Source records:
BEGIN
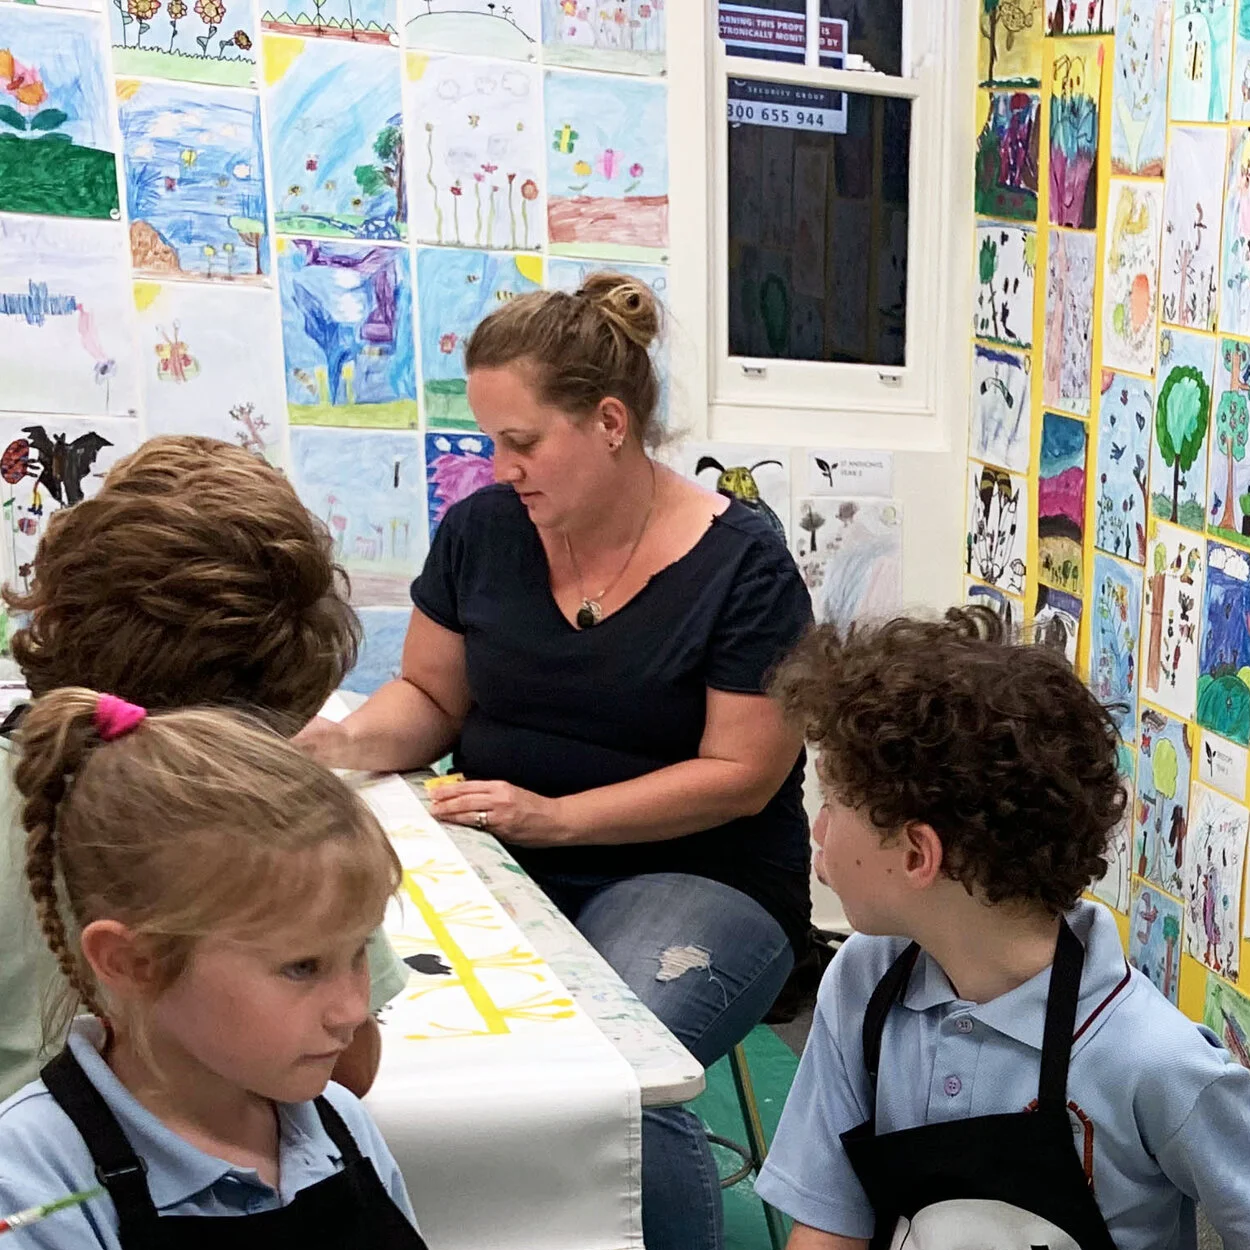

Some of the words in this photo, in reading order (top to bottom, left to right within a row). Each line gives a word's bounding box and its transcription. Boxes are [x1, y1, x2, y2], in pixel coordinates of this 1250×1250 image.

[719, 15, 754, 27] ARNING:
[756, 19, 775, 29] THIS
[821, 27, 830, 35] IS
[719, 26, 773, 38] CTRONICALLY
[827, 38, 838, 46] BY
[747, 86, 791, 97] SECURITY
[795, 92, 825, 100] GROUP
[728, 104, 754, 119] 300
[761, 108, 789, 123] 655
[796, 112, 824, 126] 944
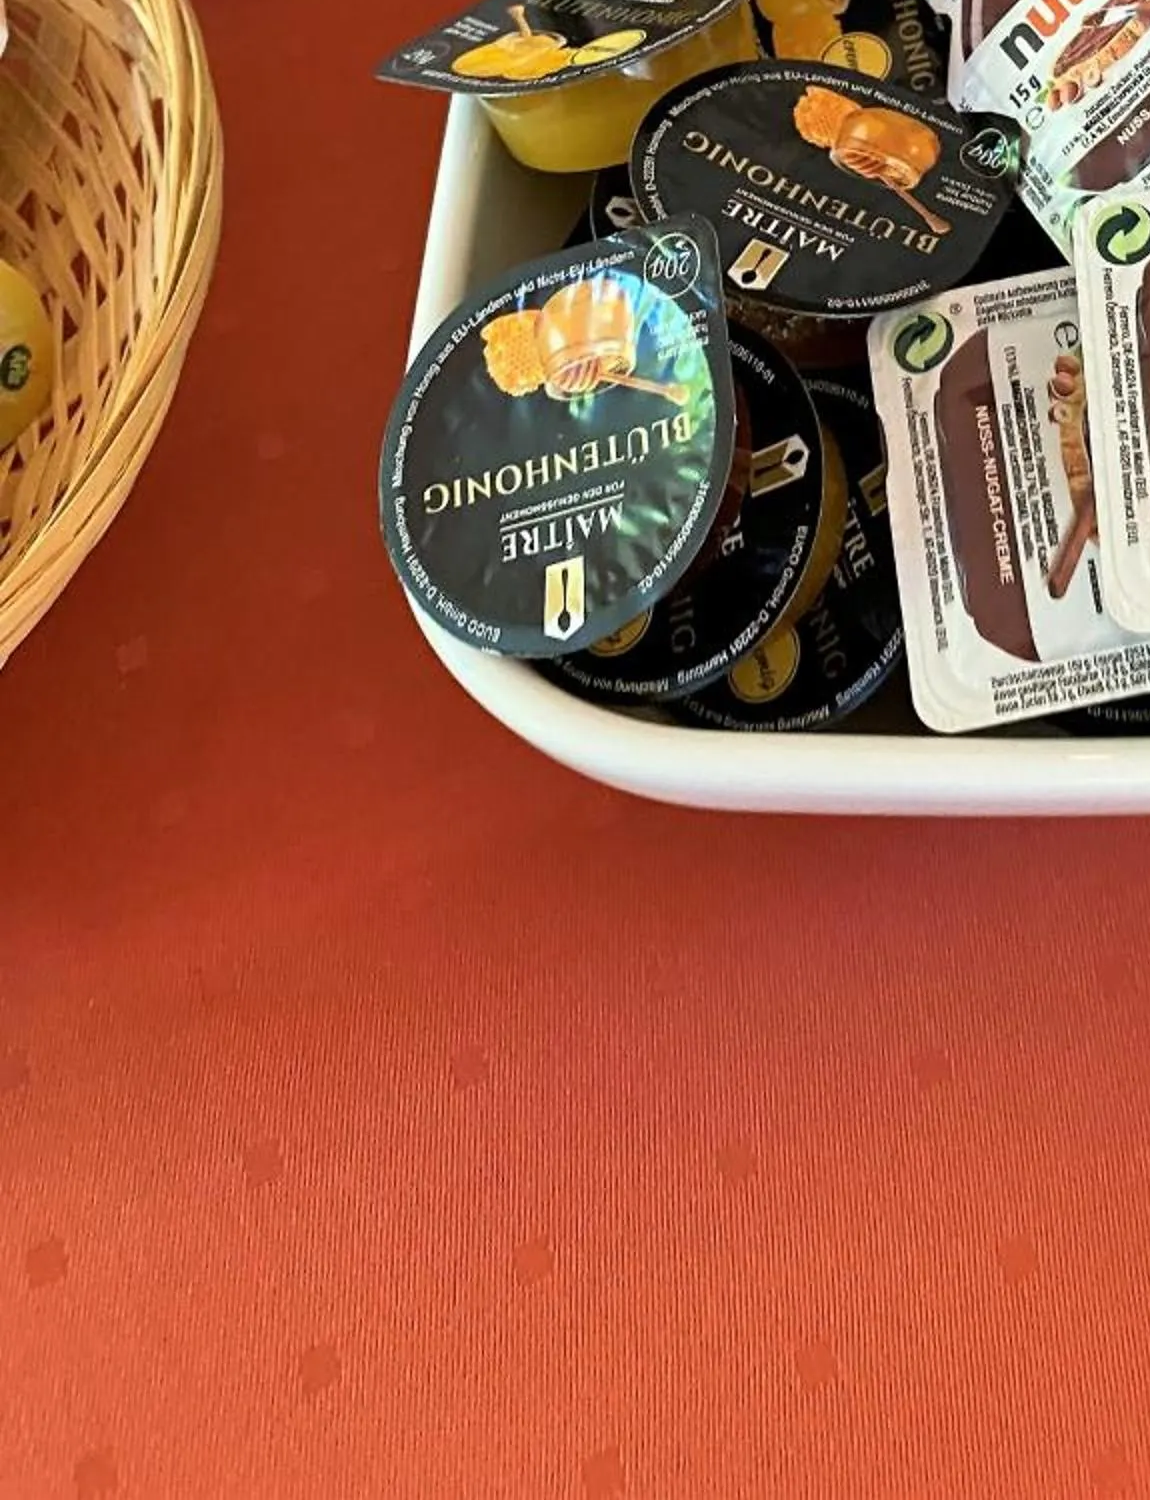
END
Could you reproduce every record above exactly, leaving out the pictures?

▸ **Solution to the exercise**:
Some of the words in this photo, in reading order (top to bottom, left to right within a row). Each line gives a word's bounding box and its transcription. Boxes are [x1, y1, x2, y2], in pixel coordinates of this 1250×1250 image.

[719, 15, 754, 27] ARNING:
[756, 19, 775, 29] THIS
[821, 27, 830, 35] IS
[719, 26, 773, 38] CTRONICALLY
[827, 38, 838, 46] BY
[747, 86, 791, 97] SECURITY
[795, 92, 825, 100] GROUP
[728, 104, 754, 119] 300
[761, 108, 789, 123] 655
[796, 112, 824, 126] 944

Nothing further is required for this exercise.